Each Patroni instance manages its own PostgreSQL instance. This means that Patroni starts and stops PostgreSQL and manages its configuration, being a sophisticated service manager for a PostgreSQL cluster.

Patroni also can make an initial cluster initialization, monitor the cluster state and take other automatic actions if needed. To do so, Patroni relies on and uses the Distributed Configuration Store (DCS), represented by etcd in our architecture.

Though Patroni supports various Distributed Configuration Stores like ZooKeeper, etcd, Consul or Kubernetes, we recommend and support etcd as the most popular DCS due to its simplicity, consistency and reliability.

Note that the PostgreSQL high availability (HA) cluster and Patroni cluster are the same thing, and we will use these names interchangeably.

When you start Patroni, it writes the cluster configuration information in etcd. During the initial cluster initialization, Patroni uses the etcd locking mechanism to ensure that only one instance becomes the primary. This mechanism ensures that only a single process can hold a resource at a time avoiding race conditions and inconsistencies.

You start Patroni instances one by one so the first instance acquires the lock with a lease in etcd and becomes the primary PostgreSQL node. The other instances join the primary as replicas, waiting for the lock to be released.

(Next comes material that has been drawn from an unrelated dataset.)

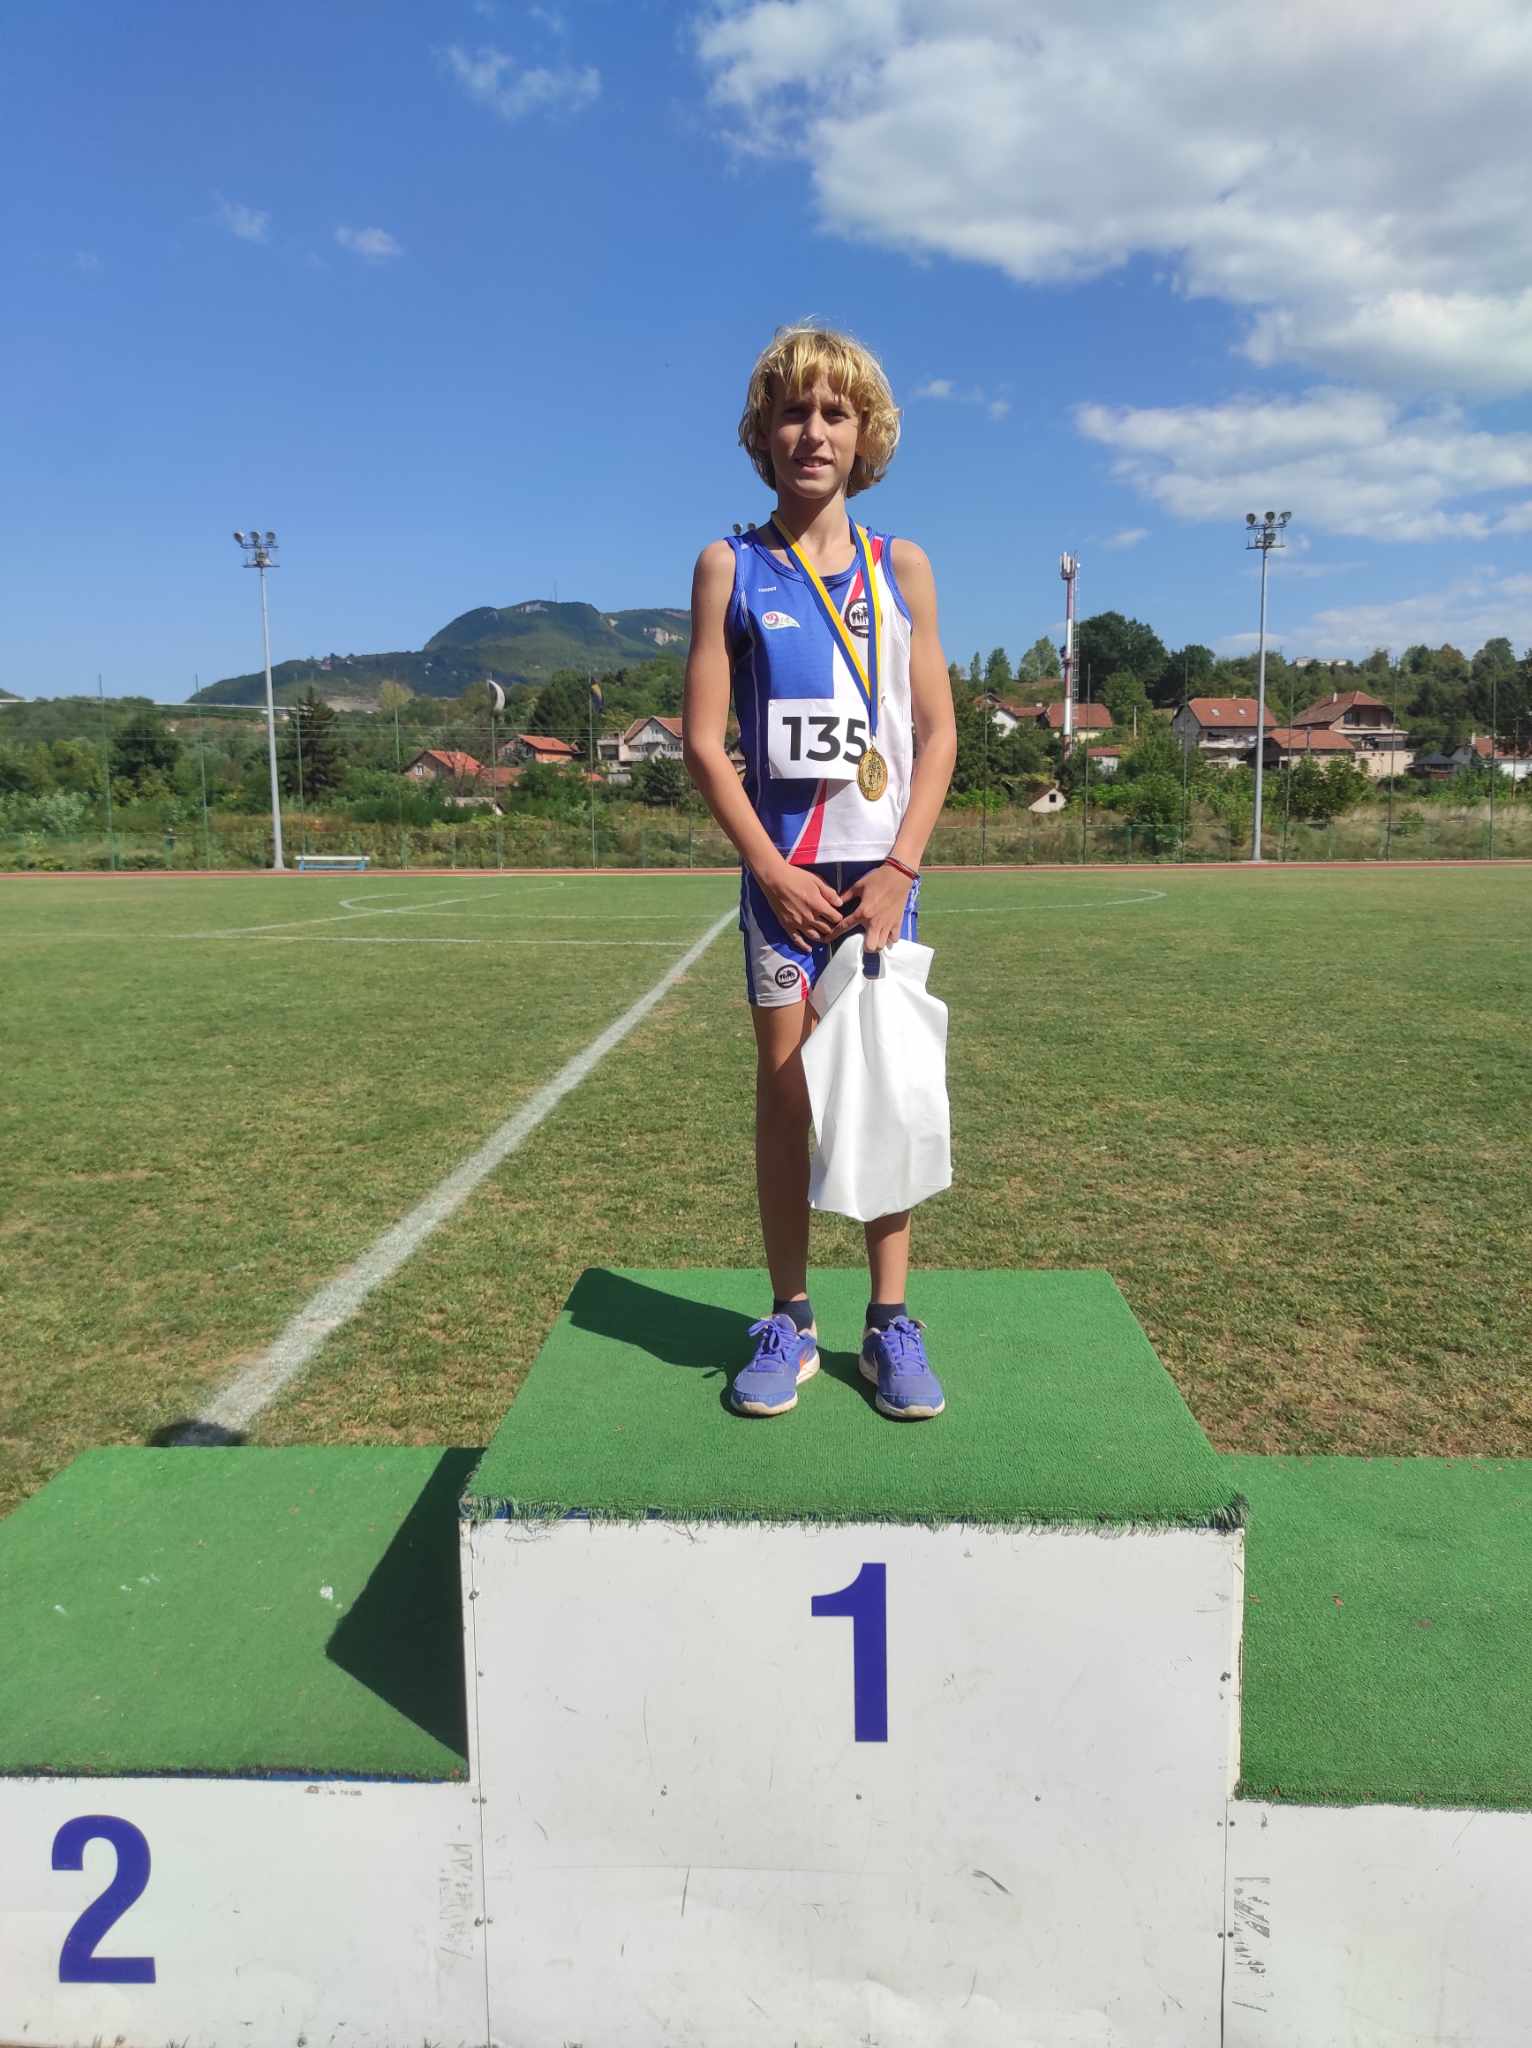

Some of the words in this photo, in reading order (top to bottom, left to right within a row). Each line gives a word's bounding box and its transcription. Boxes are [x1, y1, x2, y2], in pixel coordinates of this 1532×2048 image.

[782, 716, 867, 764] 135
[811, 1562, 888, 1743] 1
[51, 1814, 156, 1983] 2

If the current primary node crashes, its lease on the lock in etcd expires. The lock is automatically released after its expiration time. etcd the starts a new election and a standby node attempts to acquire the lock to become the new primary.

Patroni uses not only etcd locking mechanism. It also uses etcd to store the current state of the cluster, ensuring that all nodes are aware of the latest topology and status.

Another important component is the watchdog. It runs on each database node. The purpose of watchdog is to prevent split-brain scenarios, where multiple nodes might mistakenly think they are the primary node. The watchdog monitors the node’s health by receiving periodic “keepalive” signals from Patroni. If these signals stop due to a crash, high system load or any other reason, the watchdog resets the node to ensure it does not cause inconsistencies.

Load balancing layer

This layer consists of HAProxy as the connection router and load balancer.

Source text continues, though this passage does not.